## Problem:
Output all of the entries below precisely as written.

Stored data entries

____

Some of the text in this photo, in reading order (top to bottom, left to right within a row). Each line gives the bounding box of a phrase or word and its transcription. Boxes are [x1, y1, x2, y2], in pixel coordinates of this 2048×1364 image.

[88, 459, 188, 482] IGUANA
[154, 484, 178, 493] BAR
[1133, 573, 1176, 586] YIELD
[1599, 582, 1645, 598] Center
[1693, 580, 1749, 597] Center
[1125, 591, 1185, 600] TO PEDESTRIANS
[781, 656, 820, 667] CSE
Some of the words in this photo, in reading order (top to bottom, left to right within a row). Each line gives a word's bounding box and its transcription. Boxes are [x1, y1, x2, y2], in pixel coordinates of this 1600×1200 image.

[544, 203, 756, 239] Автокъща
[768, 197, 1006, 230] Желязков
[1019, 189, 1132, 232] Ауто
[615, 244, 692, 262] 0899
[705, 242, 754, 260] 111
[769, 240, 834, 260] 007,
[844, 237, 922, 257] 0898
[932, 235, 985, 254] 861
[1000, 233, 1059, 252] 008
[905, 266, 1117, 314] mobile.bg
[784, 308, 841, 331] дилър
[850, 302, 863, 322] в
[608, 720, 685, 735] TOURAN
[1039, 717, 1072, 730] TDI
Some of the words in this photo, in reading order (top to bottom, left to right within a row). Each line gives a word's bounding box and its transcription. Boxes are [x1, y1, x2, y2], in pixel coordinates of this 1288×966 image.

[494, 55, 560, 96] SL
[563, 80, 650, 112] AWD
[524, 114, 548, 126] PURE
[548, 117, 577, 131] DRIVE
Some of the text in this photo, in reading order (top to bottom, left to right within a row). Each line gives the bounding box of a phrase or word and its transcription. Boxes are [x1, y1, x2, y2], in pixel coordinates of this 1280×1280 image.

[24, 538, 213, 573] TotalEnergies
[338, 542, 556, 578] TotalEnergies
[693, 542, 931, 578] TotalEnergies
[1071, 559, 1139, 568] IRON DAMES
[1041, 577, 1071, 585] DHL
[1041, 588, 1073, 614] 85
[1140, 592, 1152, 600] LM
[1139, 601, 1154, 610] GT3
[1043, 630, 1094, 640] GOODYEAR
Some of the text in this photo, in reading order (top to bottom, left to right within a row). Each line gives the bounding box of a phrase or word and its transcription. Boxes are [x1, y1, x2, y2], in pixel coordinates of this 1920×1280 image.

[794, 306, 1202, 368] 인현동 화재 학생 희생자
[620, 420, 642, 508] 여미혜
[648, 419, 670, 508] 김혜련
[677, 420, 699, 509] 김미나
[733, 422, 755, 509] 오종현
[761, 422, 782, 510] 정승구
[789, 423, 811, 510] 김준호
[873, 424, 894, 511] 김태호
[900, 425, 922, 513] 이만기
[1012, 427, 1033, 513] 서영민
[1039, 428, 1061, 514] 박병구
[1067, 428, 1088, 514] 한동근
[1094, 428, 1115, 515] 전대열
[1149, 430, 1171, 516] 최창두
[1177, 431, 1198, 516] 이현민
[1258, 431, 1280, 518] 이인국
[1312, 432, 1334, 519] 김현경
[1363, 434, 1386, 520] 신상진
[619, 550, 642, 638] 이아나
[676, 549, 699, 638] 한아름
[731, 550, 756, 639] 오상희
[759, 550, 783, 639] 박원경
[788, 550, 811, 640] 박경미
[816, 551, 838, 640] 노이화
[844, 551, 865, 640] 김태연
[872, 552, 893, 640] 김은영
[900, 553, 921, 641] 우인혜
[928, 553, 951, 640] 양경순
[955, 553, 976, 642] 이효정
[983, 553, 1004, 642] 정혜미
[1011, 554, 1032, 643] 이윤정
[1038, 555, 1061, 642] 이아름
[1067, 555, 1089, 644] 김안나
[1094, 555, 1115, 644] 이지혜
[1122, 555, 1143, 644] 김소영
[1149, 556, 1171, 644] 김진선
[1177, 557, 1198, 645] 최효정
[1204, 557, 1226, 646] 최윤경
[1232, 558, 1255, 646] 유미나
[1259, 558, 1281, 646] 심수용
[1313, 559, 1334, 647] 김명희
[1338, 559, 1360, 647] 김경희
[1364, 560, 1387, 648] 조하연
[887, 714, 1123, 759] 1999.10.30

____

## Task answer:
Some of the text in this photo, in reading order (top to bottom, left to right within a row). Each line gives the bounding box of a phrase or word and its transcription. Boxes are [x1, y1, x2, y2], in pixel coordinates of this 2048×1364 image.

[88, 459, 188, 482] IGUANA
[154, 484, 178, 493] BAR
[1133, 573, 1176, 586] YIELD
[1599, 582, 1645, 598] Center
[1693, 580, 1749, 597] Center
[1125, 591, 1185, 600] TO PEDESTRIANS
[781, 656, 820, 667] CSE
Some of the words in this photo, in reading order (top to bottom, left to right within a row). Each line gives a word's bounding box and its transcription. Boxes are [x1, y1, x2, y2], in pixel coordinates of this 1600×1200 image.

[544, 203, 756, 239] Автокъща
[768, 197, 1006, 230] Желязков
[1019, 189, 1132, 232] Ауто
[615, 244, 692, 262] 0899
[705, 242, 754, 260] 111
[769, 240, 834, 260] 007,
[844, 237, 922, 257] 0898
[932, 235, 985, 254] 861
[1000, 233, 1059, 252] 008
[905, 266, 1117, 314] mobile.bg
[784, 308, 841, 331] дилър
[850, 302, 863, 322] в
[608, 720, 685, 735] TOURAN
[1039, 717, 1072, 730] TDI
Some of the words in this photo, in reading order (top to bottom, left to right within a row). Each line gives a word's bounding box and its transcription. Boxes are [x1, y1, x2, y2], in pixel coordinates of this 1288×966 image.

[494, 55, 560, 96] SL
[563, 80, 650, 112] AWD
[524, 114, 548, 126] PURE
[548, 117, 577, 131] DRIVE
Some of the text in this photo, in reading order (top to bottom, left to right within a row). Each line gives the bounding box of a phrase or word and its transcription. Boxes are [x1, y1, x2, y2], in pixel coordinates of this 1280×1280 image.

[24, 538, 213, 573] TotalEnergies
[338, 542, 556, 578] TotalEnergies
[693, 542, 931, 578] TotalEnergies
[1071, 559, 1139, 568] IRON DAMES
[1041, 577, 1071, 585] DHL
[1041, 588, 1073, 614] 85
[1140, 592, 1152, 600] LM
[1139, 601, 1154, 610] GT3
[1043, 630, 1094, 640] GOODYEAR
Some of the text in this photo, in reading order (top to bottom, left to right within a row). Each line gives the bounding box of a phrase or word and its transcription. Boxes are [x1, y1, x2, y2], in pixel coordinates of this 1920×1280 image.

[794, 306, 1202, 368] 인현동 화재 학생 희생자
[620, 420, 642, 508] 여미혜
[648, 419, 670, 508] 김혜련
[677, 420, 699, 509] 김미나
[733, 422, 755, 509] 오종현
[761, 422, 782, 510] 정승구
[789, 423, 811, 510] 김준호
[873, 424, 894, 511] 김태호
[900, 425, 922, 513] 이만기
[1012, 427, 1033, 513] 서영민
[1039, 428, 1061, 514] 박병구
[1067, 428, 1088, 514] 한동근
[1094, 428, 1115, 515] 전대열
[1149, 430, 1171, 516] 최창두
[1177, 431, 1198, 516] 이현민
[1258, 431, 1280, 518] 이인국
[1312, 432, 1334, 519] 김현경
[1363, 434, 1386, 520] 신상진
[619, 550, 642, 638] 이아나
[676, 549, 699, 638] 한아름
[731, 550, 756, 639] 오상희
[759, 550, 783, 639] 박원경
[788, 550, 811, 640] 박경미
[816, 551, 838, 640] 노이화
[844, 551, 865, 640] 김태연
[872, 552, 893, 640] 김은영
[900, 553, 921, 641] 우인혜
[928, 553, 951, 640] 양경순
[955, 553, 976, 642] 이효정
[983, 553, 1004, 642] 정혜미
[1011, 554, 1032, 643] 이윤정
[1038, 555, 1061, 642] 이아름
[1067, 555, 1089, 644] 김안나
[1094, 555, 1115, 644] 이지혜
[1122, 555, 1143, 644] 김소영
[1149, 556, 1171, 644] 김진선
[1177, 557, 1198, 645] 최효정
[1204, 557, 1226, 646] 최윤경
[1232, 558, 1255, 646] 유미나
[1259, 558, 1281, 646] 심수용
[1313, 559, 1334, 647] 김명희
[1338, 559, 1360, 647] 김경희
[1364, 560, 1387, 648] 조하연
[887, 714, 1123, 759] 1999.10.30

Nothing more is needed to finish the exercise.